Private Sub Timer1_Tick(ByVal sender As System.Object, ByVal e As System.EventArgs) Handles Timer1.Tick
LabelDateTime.Text = DateTime.Now
End Sub
Private Sub BWErrorNotice_DoWork(ByVal sender As System.Object, ByVal e As System.ComponentModel.DoWorkEventArgs) Handles BWErrorNotice.DoWork
Do While Not creditcard(TextBoxCard.Text)

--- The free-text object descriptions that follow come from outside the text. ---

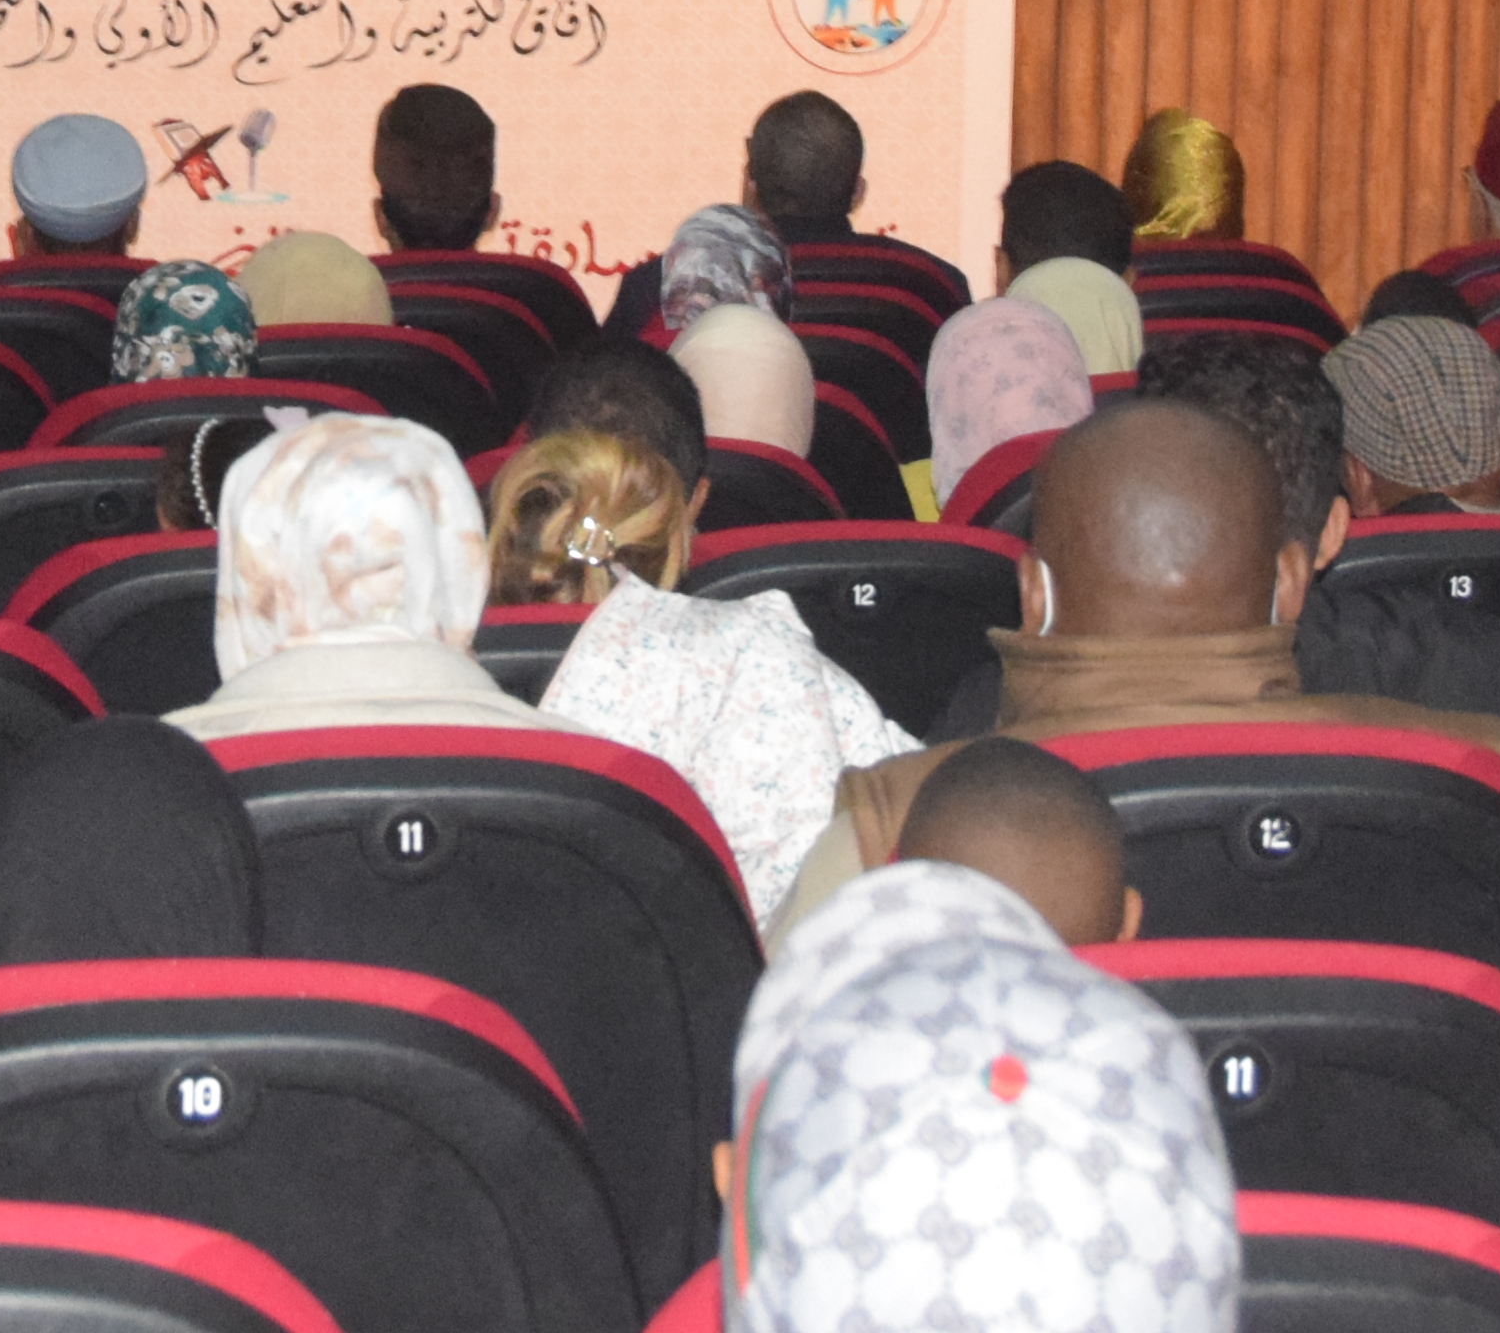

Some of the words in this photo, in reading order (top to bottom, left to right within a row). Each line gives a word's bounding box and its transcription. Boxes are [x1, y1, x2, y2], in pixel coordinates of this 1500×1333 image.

[853, 583, 877, 607] 12
[1450, 575, 1473, 599] 13
[398, 820, 425, 854] 11
[1259, 817, 1292, 853] 12
[1224, 1056, 1257, 1097] 11
[179, 1076, 223, 1120] 10

LabelError.BackColor = Color.Black
System.Threading.Thread.Sleep(500)
LabelError.BackColor = Color.Red
System.Threading.Thread.Sleep(500)
Loop
BWErrorNotice.CancelAsync()
End Sub
Private Sub CheckBoxConfirm_CheckedChanged(sender As System.Object, e As System.EventArgs) Handles CheckBoxConfirm.CheckedChanged
If CheckBoxConfirm.Checked = True Then
ButtonSubmit.Show()
Else
ButtonSubmit.Hide()
End If
End Sub
#End Region
End Class
Although what follows will not likely solve the form disappearance problem, it will resolve a downstream issue:
In GetDBData(), you are assigning accountNumber to the value of TextBoxAcount.Text, which must be enclosed with quotes unless you employ a parameter which I strongly recommend you get in the habit of doing.

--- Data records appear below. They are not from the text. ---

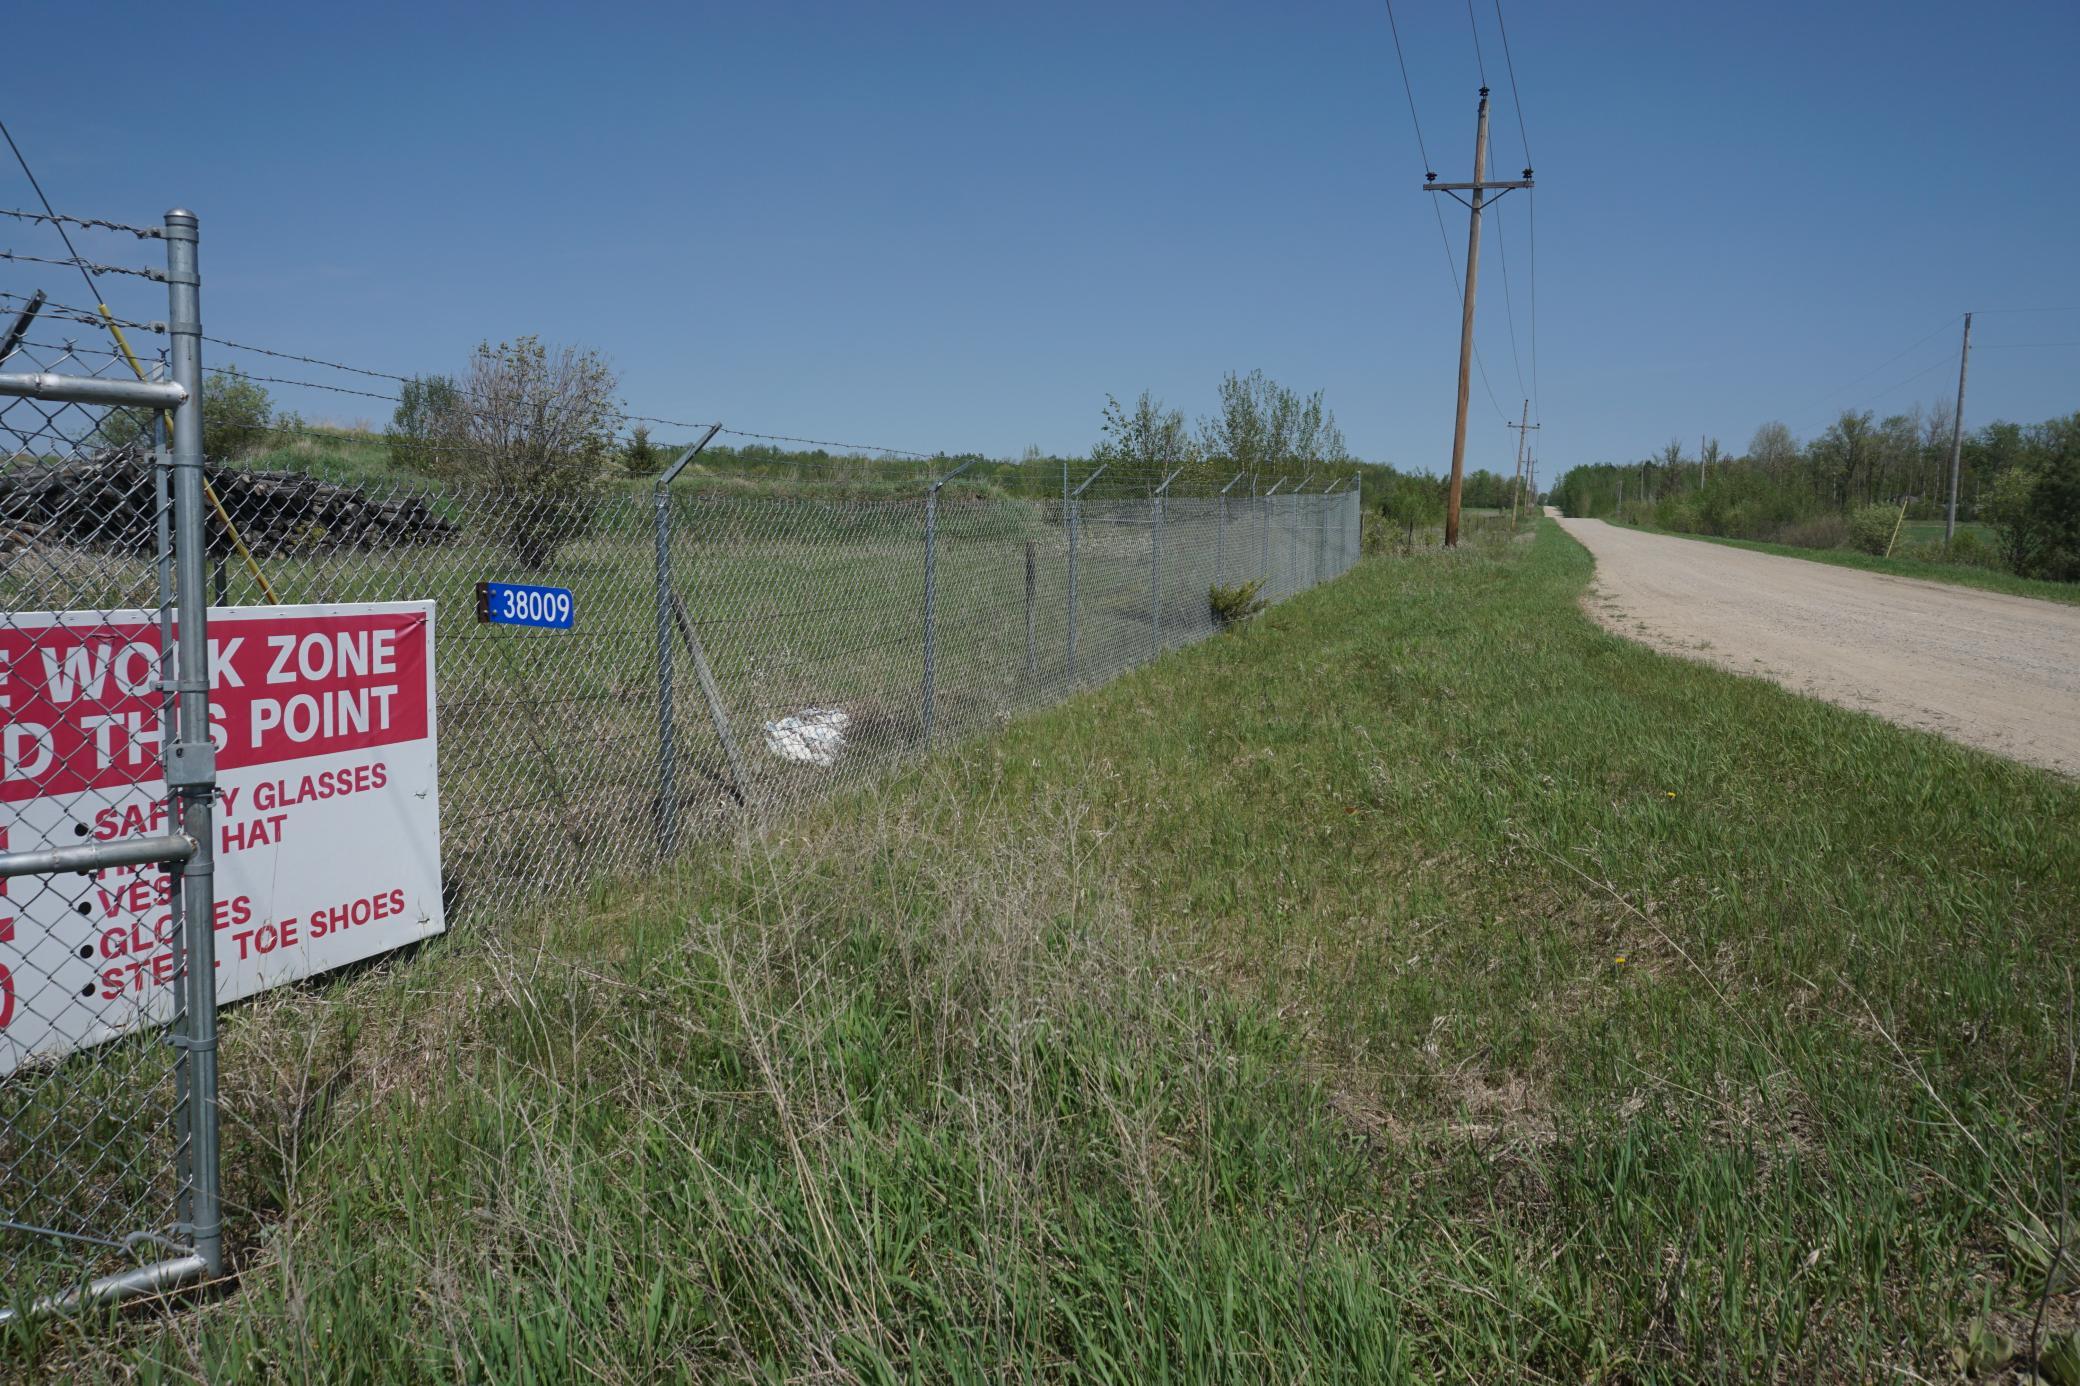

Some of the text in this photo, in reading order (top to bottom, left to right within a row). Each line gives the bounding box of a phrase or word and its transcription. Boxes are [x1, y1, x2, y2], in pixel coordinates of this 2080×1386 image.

[503, 590, 570, 623] 38009
[40, 637, 246, 703] WOK
[266, 629, 398, 685] ZONE
[250, 685, 399, 749] POINT
[94, 762, 388, 841] SAFY GLASSES
[221, 814, 288, 854] HAT
[97, 875, 172, 918] VES
[100, 895, 252, 960] GLOES
[232, 918, 299, 961] TOE
[310, 888, 405, 938] SHOES

Dim dbAdapter As New MySqlDataAdapter("SELECT * FROM customer WHERE accountNumber = " & TextBoxAccount.Text, dbConn)
Parameters offer a number of benefits including implicit type conversions, injection attack prevention, and will sometimes even cure unexpected behaviors.
I figured out the problem. I was calling Dispose() at the end of my GetDBData() function - so the form was getting disposed before execution returned back to the TextBox. I deleted it and all is well again.